3 Leave a comment on paragraph 3 0 Commemorating the work of suffrage activists through a postage stamp was a key piece of a broader agenda for the National Women’s Party (NWP) and the Susan B. Anthony Memorial Committee. Committee Chair, Ethel Adamson, noticed great public honors were bestowed on men “for much smaller achievements” than Anthony’s and believed that her suffrage legacy, deserved public recognition. Some of the federal neglect, supporters suggested, could be repaired by issuing of a stamp honoring Anthony. Groups of women met with Third Assistant Postmaster General Eilenberger in 1934 and in 1935 to persuade him to accept their petitions to print an Anthony or a suffrage stamp. He did not support the stamp and claimed that stamp collectors showed no interest either. Even during the 1930s, white men comprised the memberships in philatelic associations. Speaking to philatelists at the American Philatelic Society’s annual convention in 1934, Eilenberger maintained that the USPOD wanted to “revive the memories of historic events” with the commemoratives, and dismissed rumors that his department might print a stamp honoring a women, including actress Mae West. ((Ethel McClintock Adamson, “Letter to James Farley, Postmaster General,” June 22, 1934, Design Files, Stamp #784, National Postal Museum; Edith H. Hooker, “Letter to the Post Master General,” February 6, 1935, Design Files, Stamp #784, National Postal Museum.; Clinton B Eilenberger, “Memorandum,” June 12, 1934, Design Files, Stamp #784, National Postal Museum.; all in Design Files, stamp #784, National Postal Museum; Eilenberger, “Speech Delivered to American Philatelic Society,” 4–6.))

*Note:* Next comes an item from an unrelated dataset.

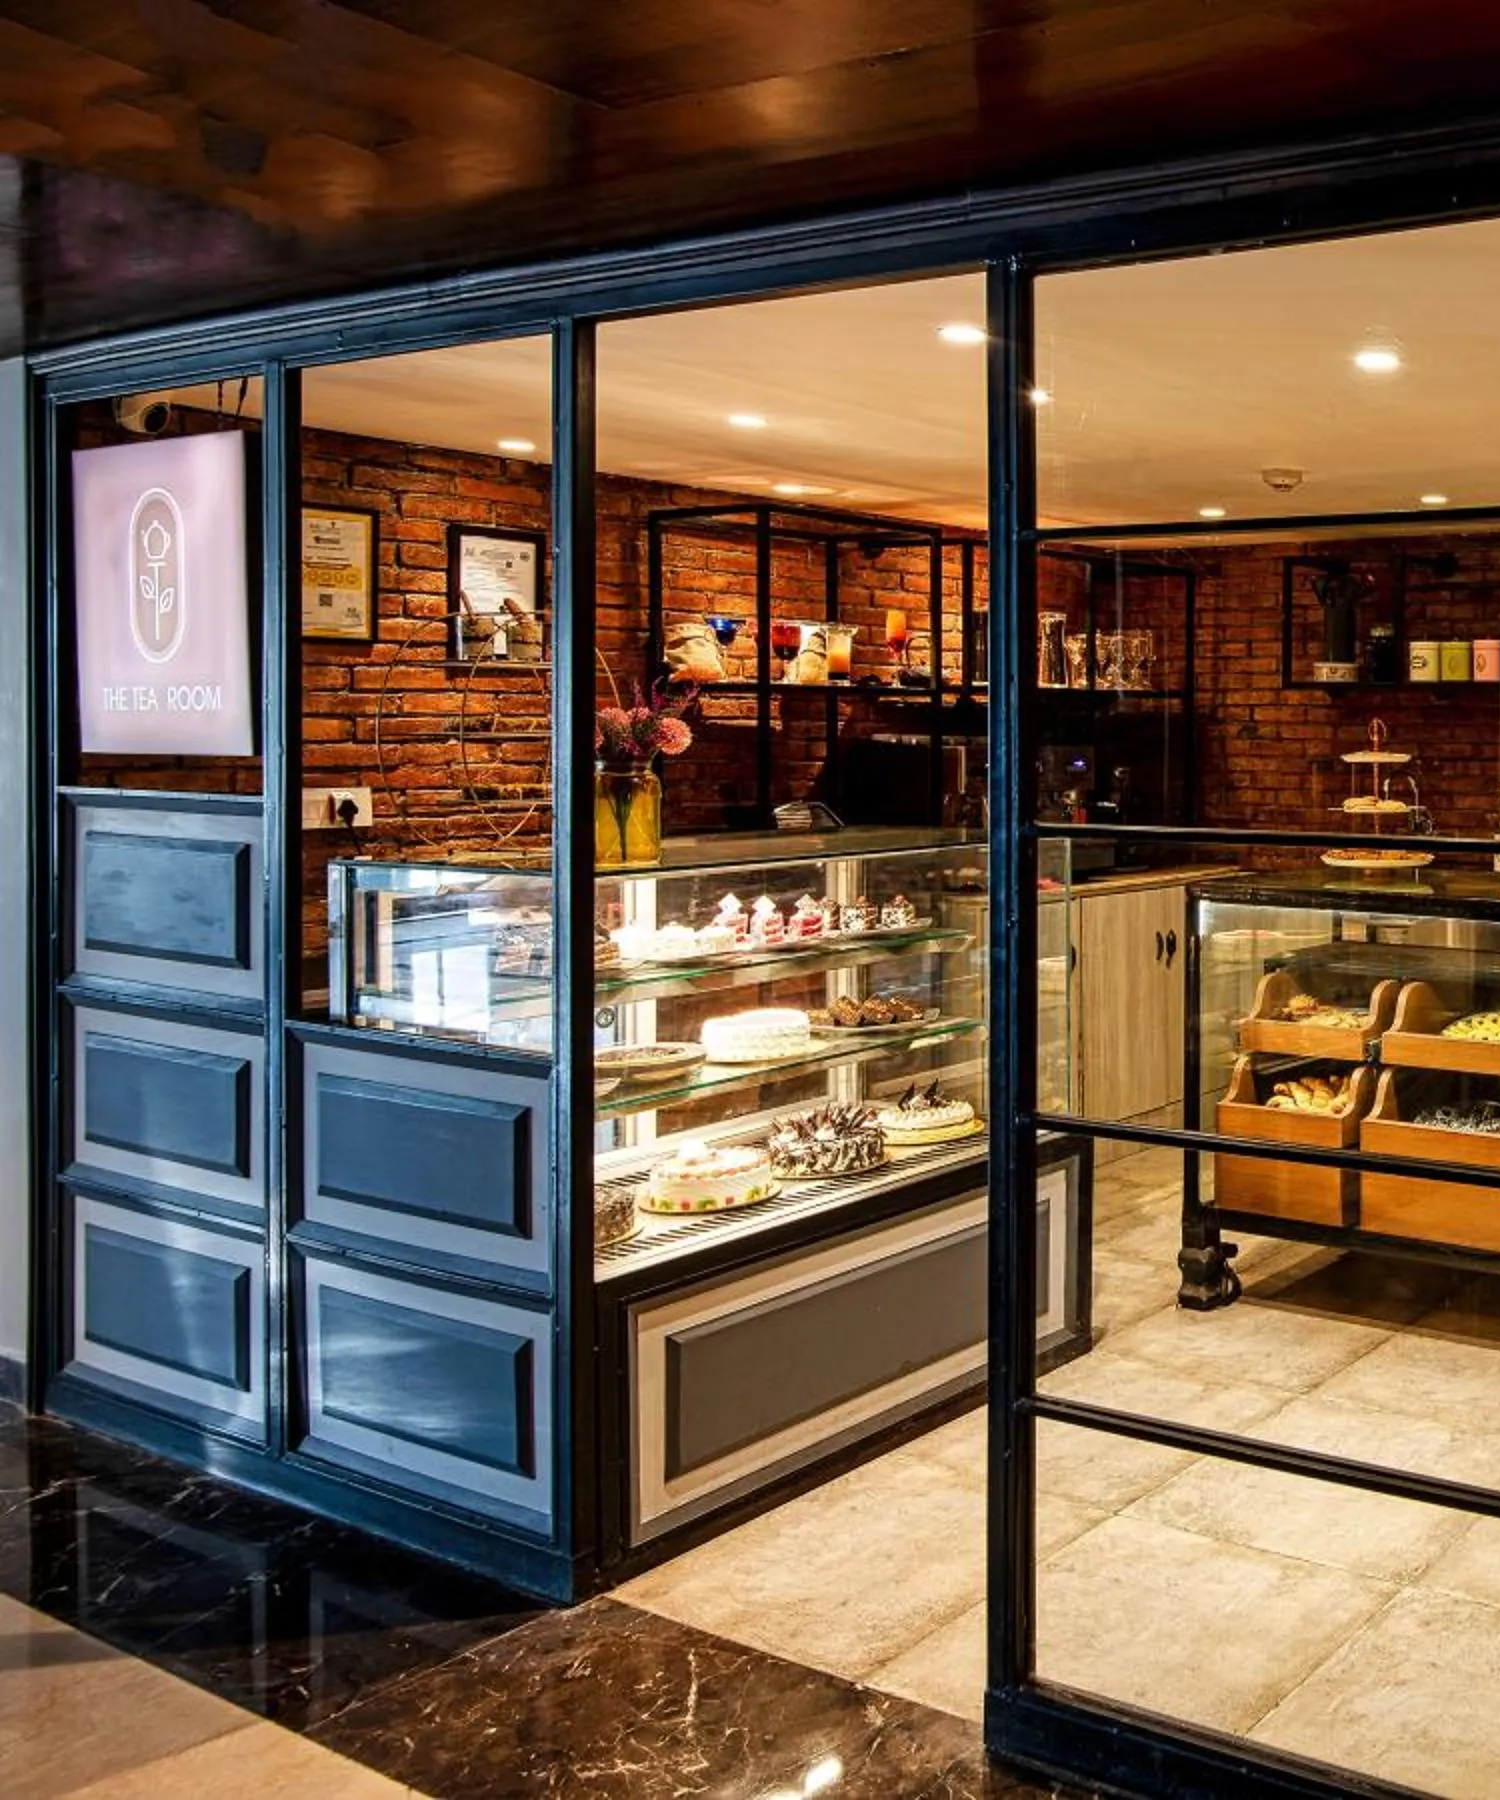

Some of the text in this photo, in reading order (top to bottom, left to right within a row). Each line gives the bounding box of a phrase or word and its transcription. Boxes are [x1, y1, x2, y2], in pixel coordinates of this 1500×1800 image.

4 Leave a comment on paragraph 4 0 Before the fight over an Anthony issue, collectors of American stamps most likely held a few images of women in their albums. In the Columbian commemorative series, Queen Isabella of Spain appeared on six stamps and an unidentified native Caribbean woman sat on the 1-cent. A portrait of Pocahontas dressed in English clothing, mistakenly represented as royalty, was printed on the 5-cent issue in the Jamestown Exposition series (1907). In 1902, and again in 1922, the USPOD released a series of definitive stamps and they chose Martha Washington’s face as the first “American” woman to grace the 8-cent (1902) and 4-cent (1922) issues. Persons and places represented in these everyday stamps from 1922 were selected to “stand for America as it might be viewed by a newly arrived immigrant.” According to Third-Assistant Postmaster General Glover, the Department chose Washington over other possible well-known American women, including Anthony and Clara Barton, because she “more nearly typified the women who were closely identified with the ground-work of American national life in its first phases.” Washington was known as a wife and mother, not as a nurse and organizer or political activist like Barton or Anthony. Selecting Washington as the first woman represented on an stamp sold everyday freed the USPOD from any controversy, because few would argue against choosing the country’s original First Lady.

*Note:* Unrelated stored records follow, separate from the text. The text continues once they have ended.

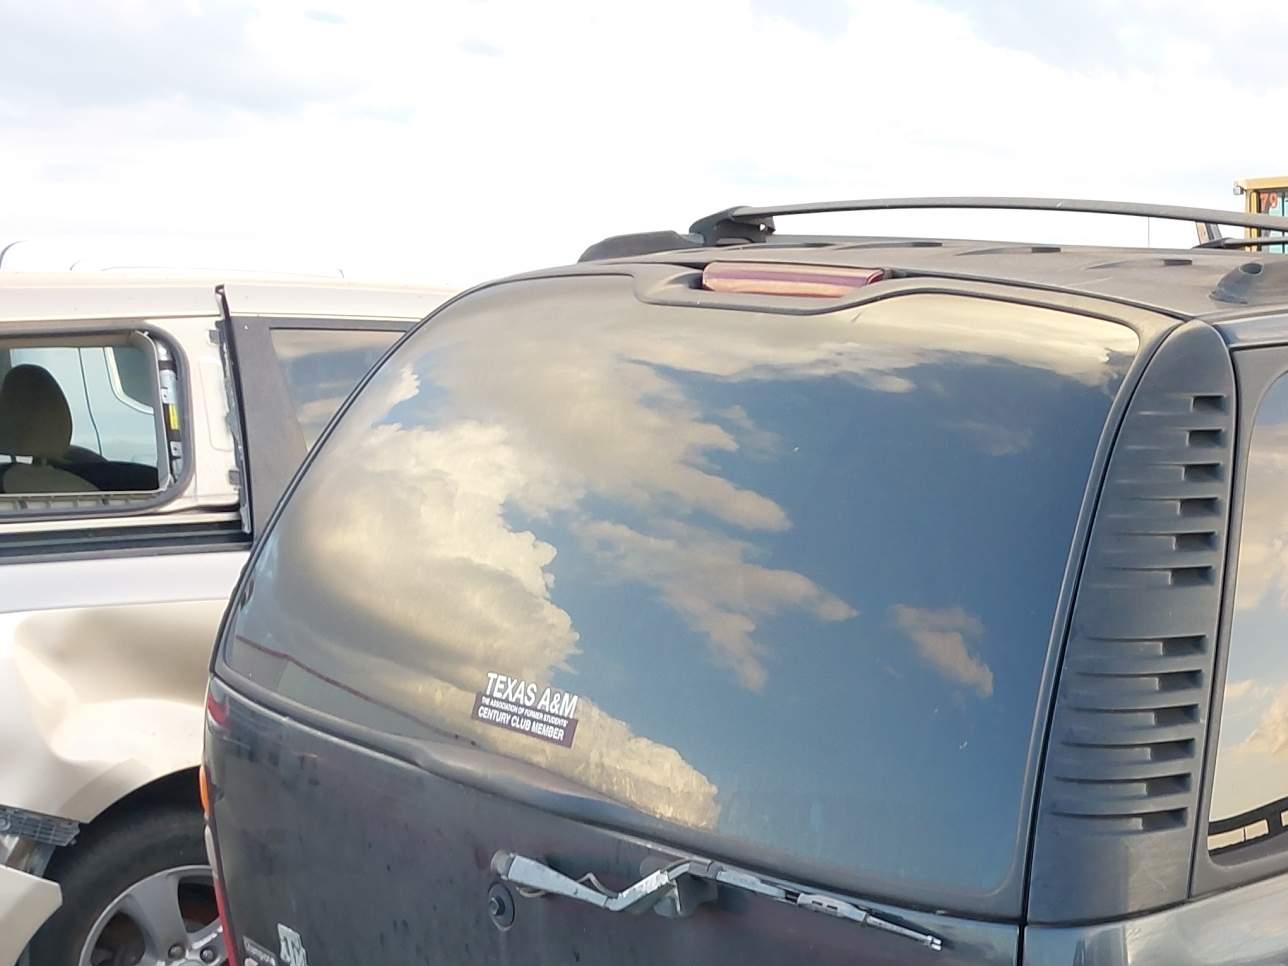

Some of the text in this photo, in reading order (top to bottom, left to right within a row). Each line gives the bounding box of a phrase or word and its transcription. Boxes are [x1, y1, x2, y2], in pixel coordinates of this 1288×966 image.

[481, 695, 490, 704] THE
[489, 697, 518, 713] ASSOCIATION
[524, 708, 543, 720] FORMER
[485, 672, 578, 719] TEXAS A&M
[478, 706, 565, 741] CENTURY CLUB MEMBER
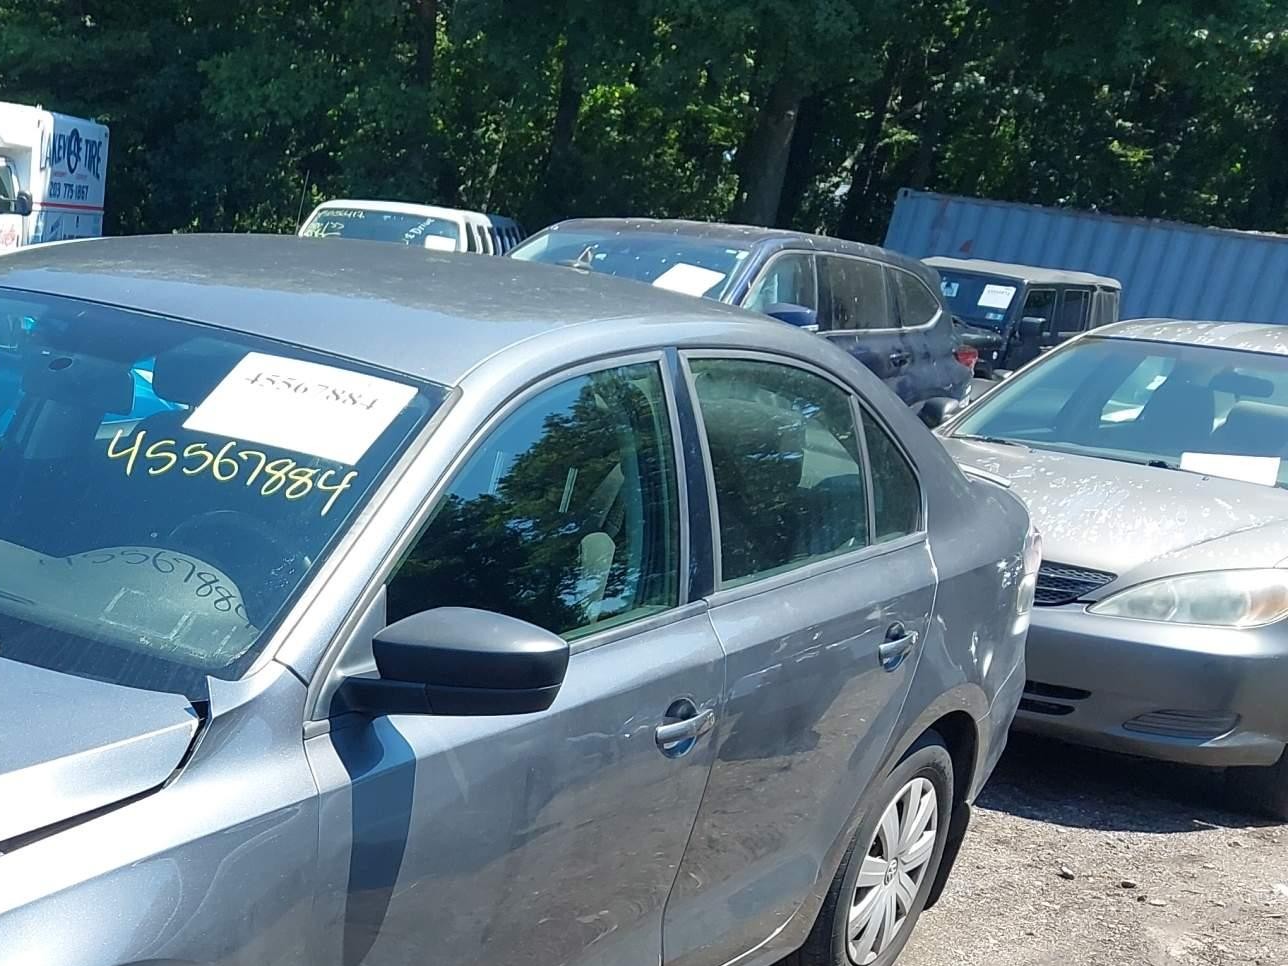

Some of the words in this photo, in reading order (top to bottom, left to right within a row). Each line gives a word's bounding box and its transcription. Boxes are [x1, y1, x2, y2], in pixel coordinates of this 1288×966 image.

[84, 138, 102, 180] TIRE
[49, 181, 61, 198] 203
[63, 182, 74, 199] 775
[245, 371, 379, 411] 45567884
[107, 429, 358, 517] 45567884

5 Leave a comment on paragraph 5 0 Still fighting for a stamp in 1936, women campaigning for an Anthony were outraged when they heard that the Department planned to print a series of stamps honoring US Army and Navy commanders, including Robert E. Lee and Stonewall Jackson. Former president Theodore Roosevelt initiated the idea for a stamp series honoring American military heroes during World War I, but it was not until his cousin Franklin pushed for it that the series was approved. In February 1936, a list of military heroes was leaked after Secretary of War George H. Dern submitted his proposal to Roosevelt and the Postmaster General. Prior to any stamp printing, citizens began to react. Letters flooded the Department and the White House mainly from Southerners who supported a stamp honoring Robert E. Lee. Other letters, such as one from New York Congresswoman Caroline O’Day remarked that Republican women of her state would not like seeing Lee representing the United States on a stamp in the series. She noted that politically it would be important for elected officials to support the initiative, because the negative reaction from southerners would be far greater if there was no stamp honoring Lee. (( Marszalek, “Philatelic Pugilists,” 127-138.))

6 Leave a comment on paragraph 6 0 Lee-Jackson, 4-cent, Army-Navy Series, 1936 (Smithsonian National Postal Museum Collection)Lee-Jackson, 4-cent, Army-Navy Series, 1936 (Smithsonian National Postal Museum Collection)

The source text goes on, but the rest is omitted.